- Opening Delimiter -
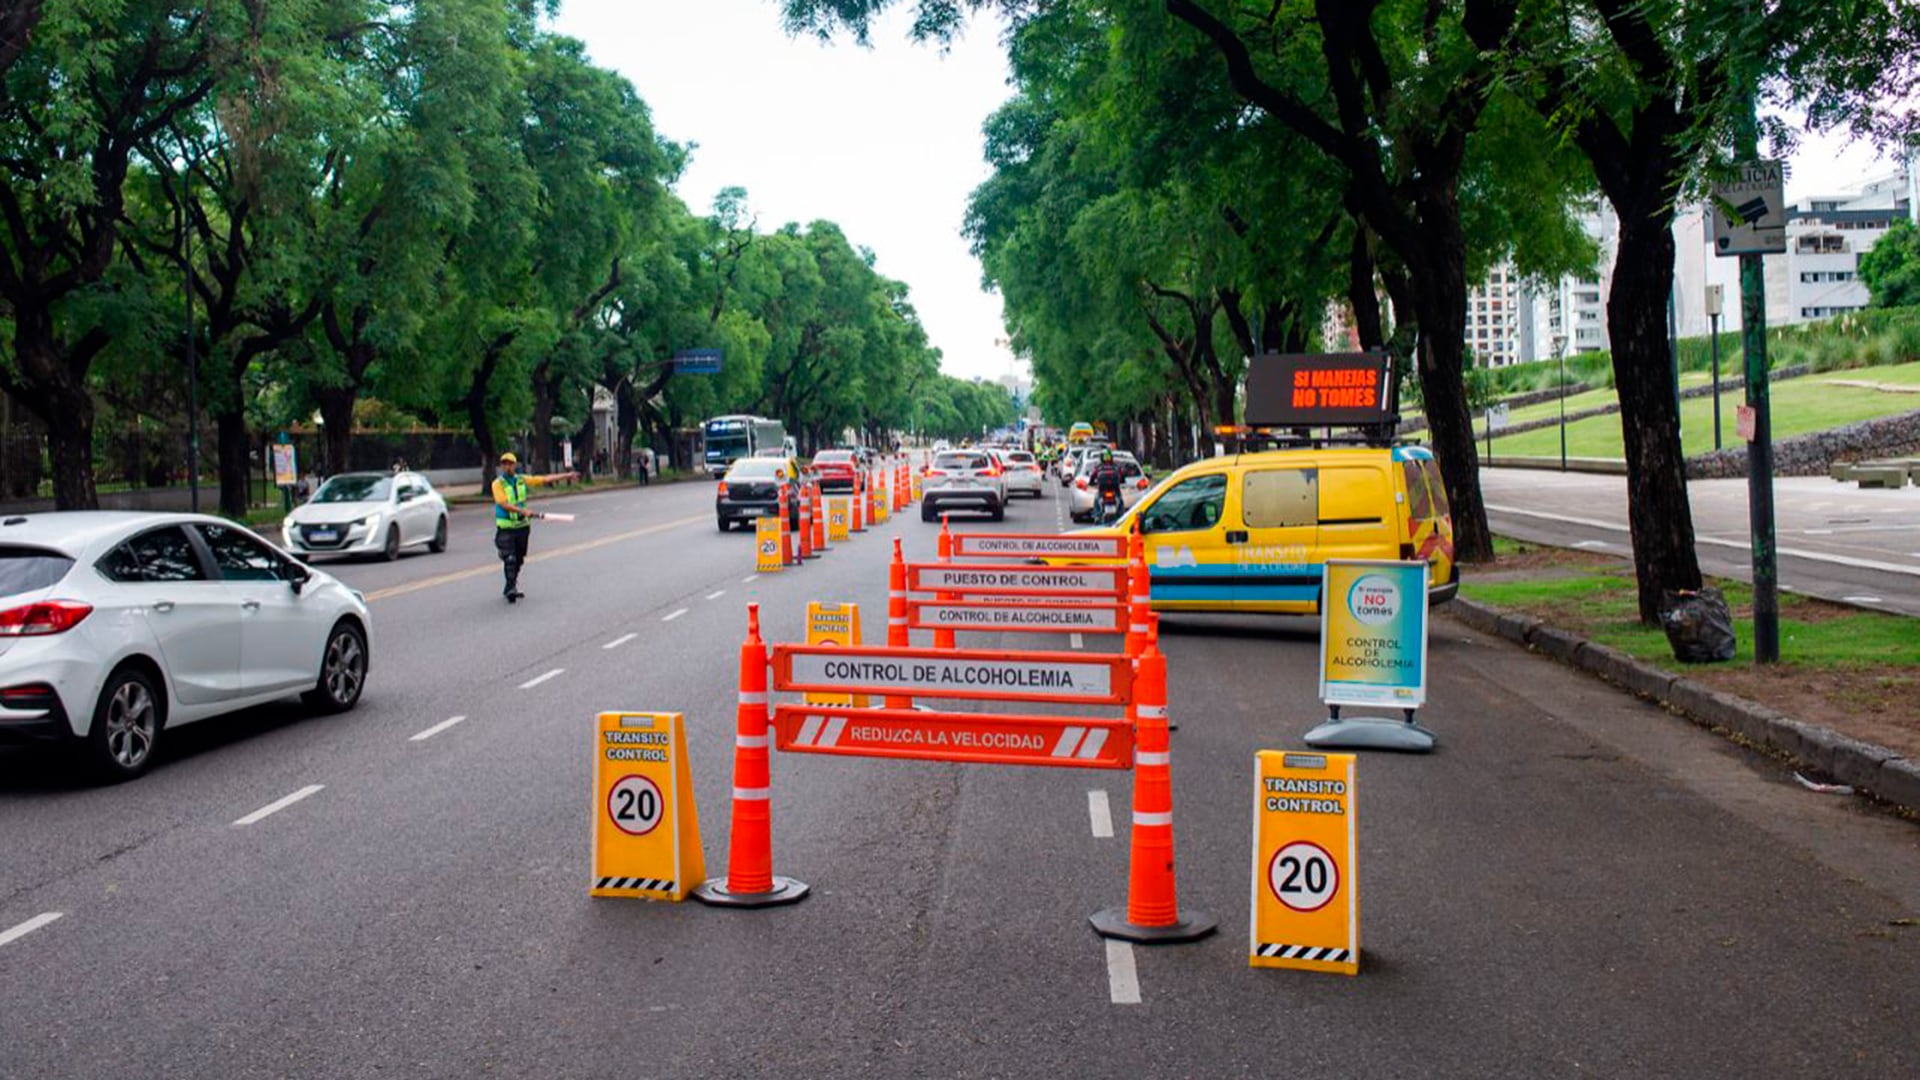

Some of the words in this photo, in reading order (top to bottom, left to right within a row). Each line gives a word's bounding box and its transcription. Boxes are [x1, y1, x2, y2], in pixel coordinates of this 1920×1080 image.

[1293, 371, 1310, 387] SI
[1292, 389, 1317, 408] NO
[1319, 388, 1376, 408] TOMES
[979, 540, 1020, 550] CONTROL
[1022, 541, 1034, 551] DE
[1036, 541, 1100, 551] ALCOHOLEMIA
[944, 572, 997, 585] PUESTO
[999, 574, 1018, 586] DE
[1021, 575, 1087, 587] CONTROL
[1364, 594, 1386, 606] NO
[939, 610, 992, 623] CONTROL
[994, 612, 1008, 623] DE
[1011, 612, 1094, 625] ALCOHOLEMIA
[1357, 606, 1393, 617] tomes
[1346, 638, 1402, 649] CONTROL
[1364, 648, 1379, 658] DE
[1332, 656, 1414, 669] ALCOHOLEMIA
[824, 661, 908, 681] CONTROL
[912, 665, 937, 683] DE
[941, 666, 1074, 688] ALCOHOLEMIA
[605, 731, 669, 745] TRANSITO
[850, 726, 924, 743] REDUZCA
[927, 730, 948, 745] LA
[951, 731, 1045, 750] VELOCIDAD
[606, 747, 669, 762] CONTROL
[1264, 777, 1346, 795] TRANSITO
[617, 788, 655, 821] 20
[1266, 796, 1345, 815] CONTROL
[1279, 856, 1328, 893] 20
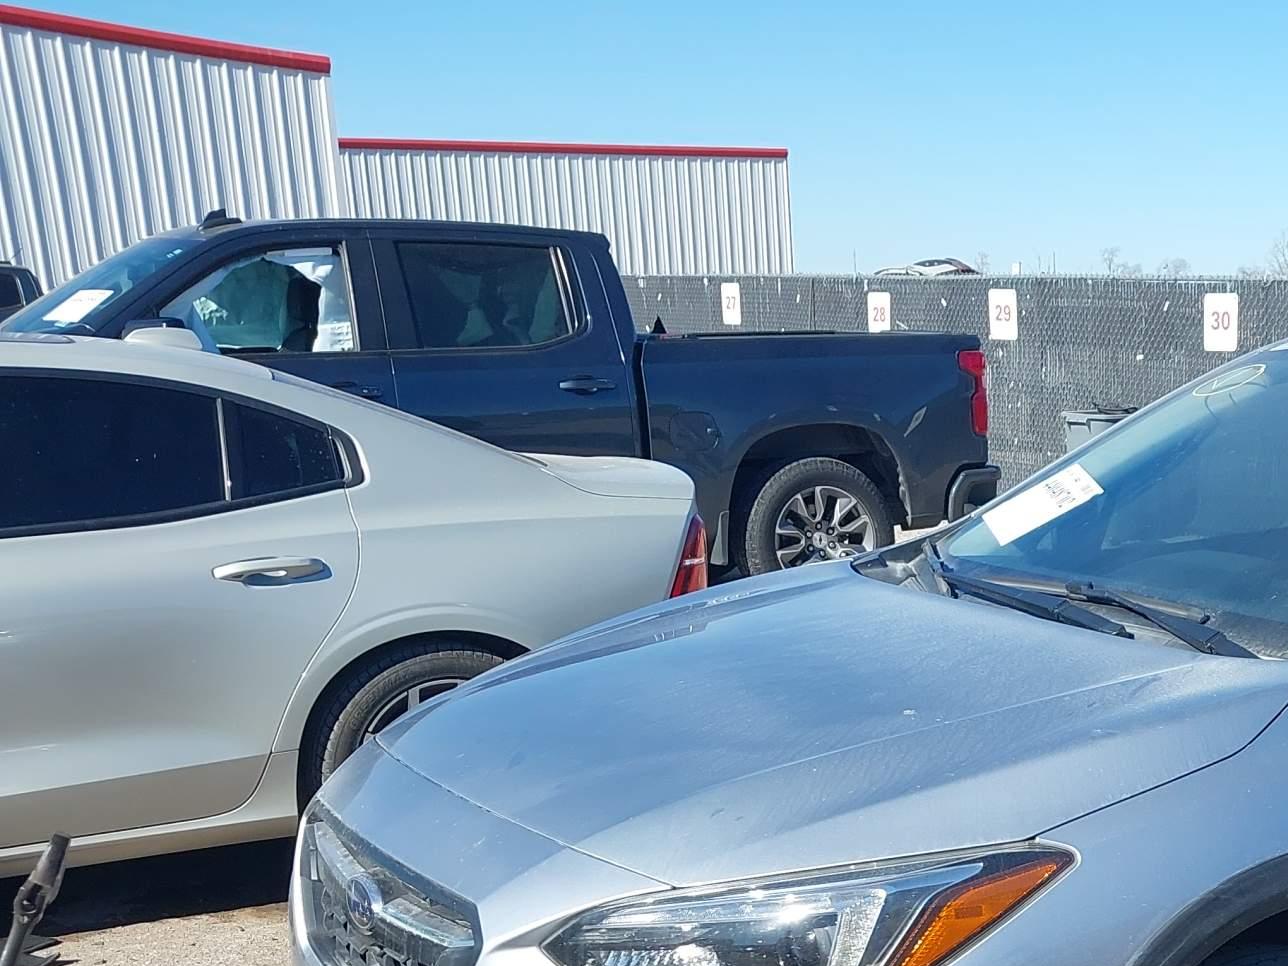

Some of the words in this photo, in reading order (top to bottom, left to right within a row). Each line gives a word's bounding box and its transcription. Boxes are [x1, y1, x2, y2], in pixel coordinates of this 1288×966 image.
- Closing Delimiter -
The entries above, without their pictures, should be written out exactly.

Some of the words in this photo, in reading order (top to bottom, left to right within a row). Each line gives a word's bounding box and its transcription. Boxes are [x1, y1, x2, y2], in pixel coordinates of this 1920×1080 image.

[1293, 371, 1310, 387] SI
[1292, 389, 1317, 408] NO
[1319, 388, 1376, 408] TOMES
[979, 540, 1020, 550] CONTROL
[1022, 541, 1034, 551] DE
[1036, 541, 1100, 551] ALCOHOLEMIA
[944, 572, 997, 585] PUESTO
[999, 574, 1018, 586] DE
[1021, 575, 1087, 587] CONTROL
[1364, 594, 1386, 606] NO
[939, 610, 992, 623] CONTROL
[994, 612, 1008, 623] DE
[1011, 612, 1094, 625] ALCOHOLEMIA
[1357, 606, 1393, 617] tomes
[1346, 638, 1402, 649] CONTROL
[1364, 648, 1379, 658] DE
[1332, 656, 1414, 669] ALCOHOLEMIA
[824, 661, 908, 681] CONTROL
[912, 665, 937, 683] DE
[941, 666, 1074, 688] ALCOHOLEMIA
[605, 731, 669, 745] TRANSITO
[850, 726, 924, 743] REDUZCA
[927, 730, 948, 745] LA
[951, 731, 1045, 750] VELOCIDAD
[606, 747, 669, 762] CONTROL
[1264, 777, 1346, 795] TRANSITO
[617, 788, 655, 821] 20
[1266, 796, 1345, 815] CONTROL
[1279, 856, 1328, 893] 20

Some of the words in this photo, in reading order (top to bottom, left to right within a row). Each line gives a word's bounding box and its transcription. Boxes are [x1, y1, x2, y2], in pixel coordinates of this 1288×966 image.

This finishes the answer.